We suggest these locally native plants that provide nectar, berries, seeds, and/or insects for resident and migratory birds.
• Bladderpod (Peritoma)
• Buckwheats (Eriogonum) such as California buckwheat, ashy-leaf buckwheat, and red buckwheat
• California fuchsia (Epilobium)
• California lilacs (Ceanothus) such as green-bark lilac, whitebark (whitethorn) lilac, and woollyleaf lilac
• Bush sunflowers (Encelia)
• Currants and gooseberries (Ribes)
• Live-forevers (Dudleya) such as lance-leaved live-forever, chalk live-forever, and Laguna Beach live-forever
• Elderberry (Sambucus)
• Hooker’s evening primrose (Oenothera)
• Island bush snapdragons (Gambelia)
• Lemonade berry (Rhus)
• Mallows (Malacothamnus and Sphaeralcea) such as San Clemente Island bush mallow, Fremont bush mallow, and apricot mallow
• Manzanitas (Arctostaphylos)
• Beardtongues (Penstemon and Keckiella) such as showy penstemon, foothill penstemon and scarlet bugler
• Sages (Salvia) such as black sage, hummingbird sage, and white sage • Toyon (Heteromeles)
• Yarrows (Achillea and Eriophyllum)
Use these resources to learn more about birds in your yard, how to protect them, and how to create a bird-friendly garden.
• Sea and Sage Audubon Society. Join us for a nature walk and visit our 6,600 sq.ft. pollinators’ garden for humming-birds and bees at the San Joaquin Wildlife Sanctuary in Irvine (entrance off Campus Drive). See website.
• Cornell Lab of Ornithology. Online bird field guide and science-based articles about how to protect birds at allaboutbirds.org
• California Native Plant Society. Excellent native plant information for gardening at calscape.org and Orange County chapter of CNPS at occnps.org.

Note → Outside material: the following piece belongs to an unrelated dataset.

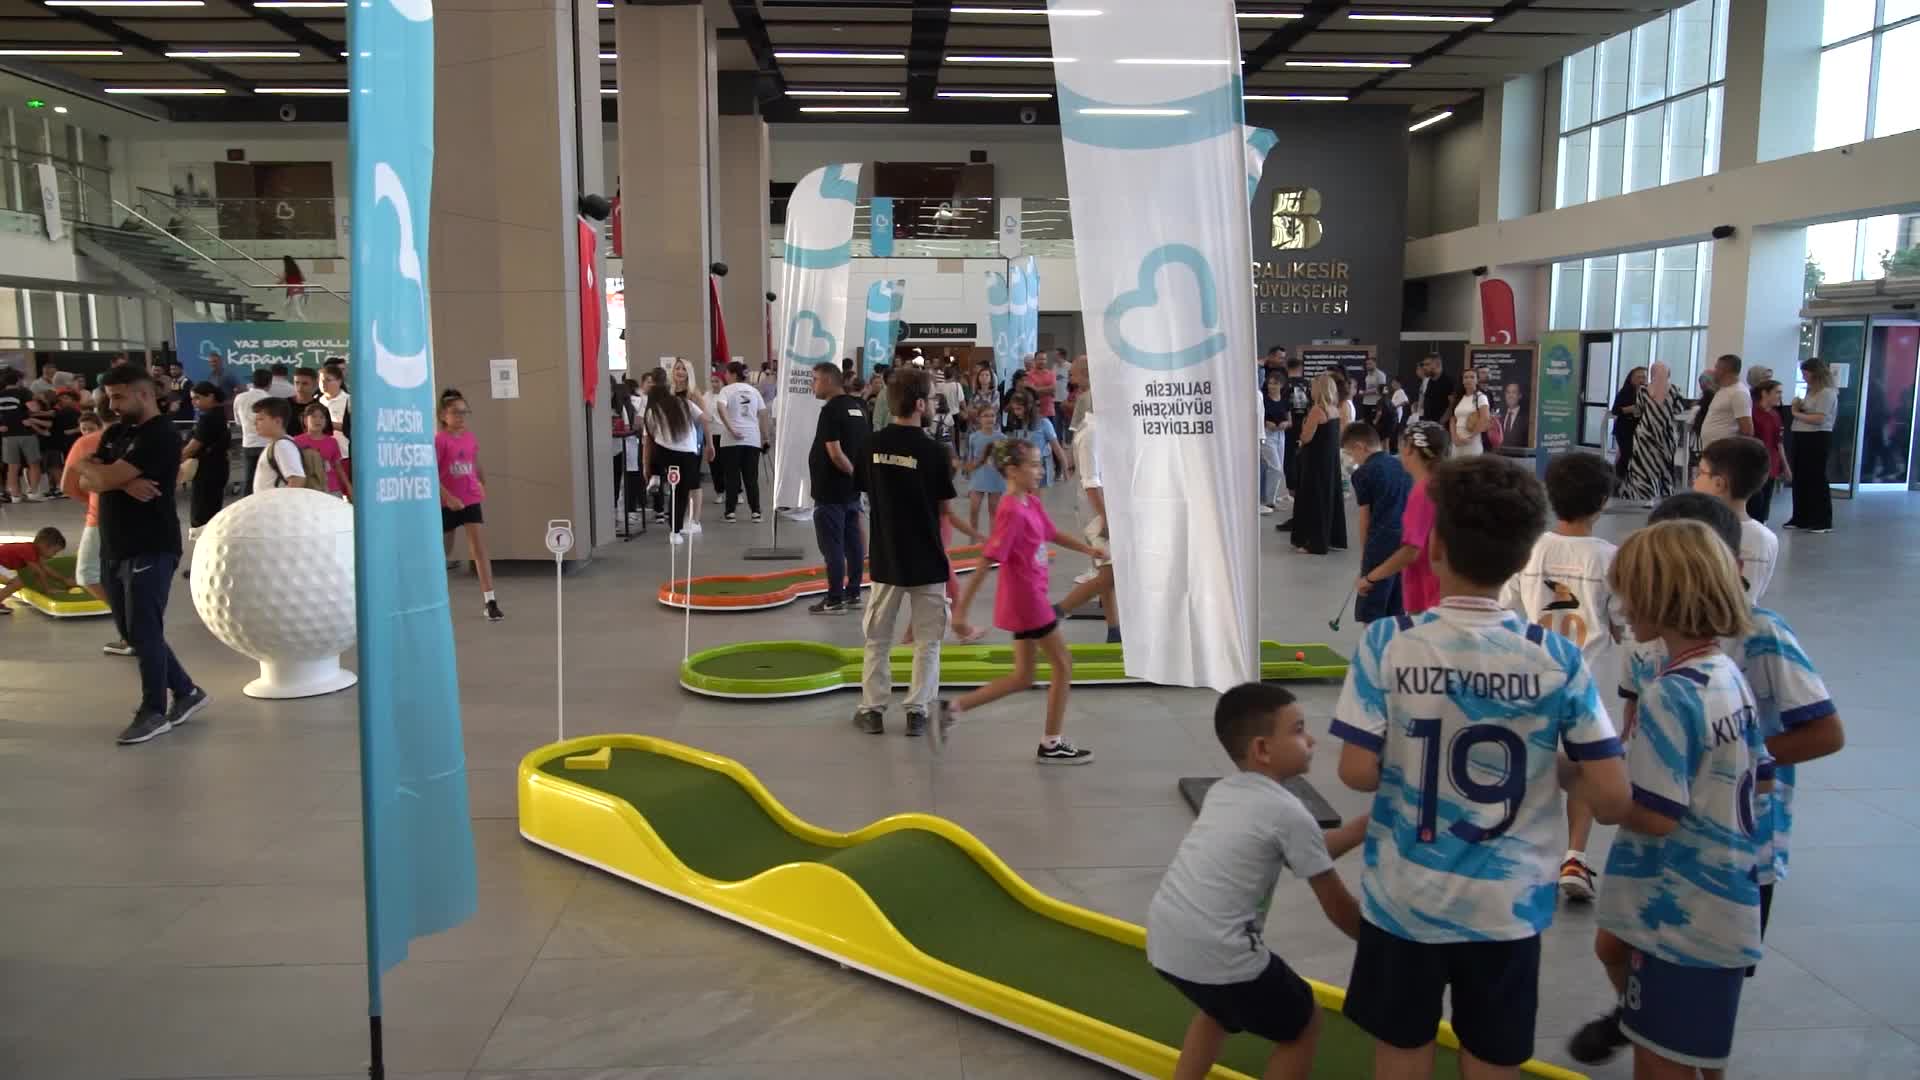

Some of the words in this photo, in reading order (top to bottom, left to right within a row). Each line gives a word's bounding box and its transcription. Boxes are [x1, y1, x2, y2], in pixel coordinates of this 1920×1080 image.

• Tree of Life Nursery. Local source of native plants, planting advice, and free Saturday morning workshops in San Juan Capistrano. Go to californianativeplants.com.
Important: All North American native birds including their nests, eggs, feathers, and other parts are protected by federal law and cannot be harmed in any way (Migratory Bird Treaty Act 1918.)
Prepared by Trude Hurd, Project Director of Education, Sea and Sage Audubon, March 2018.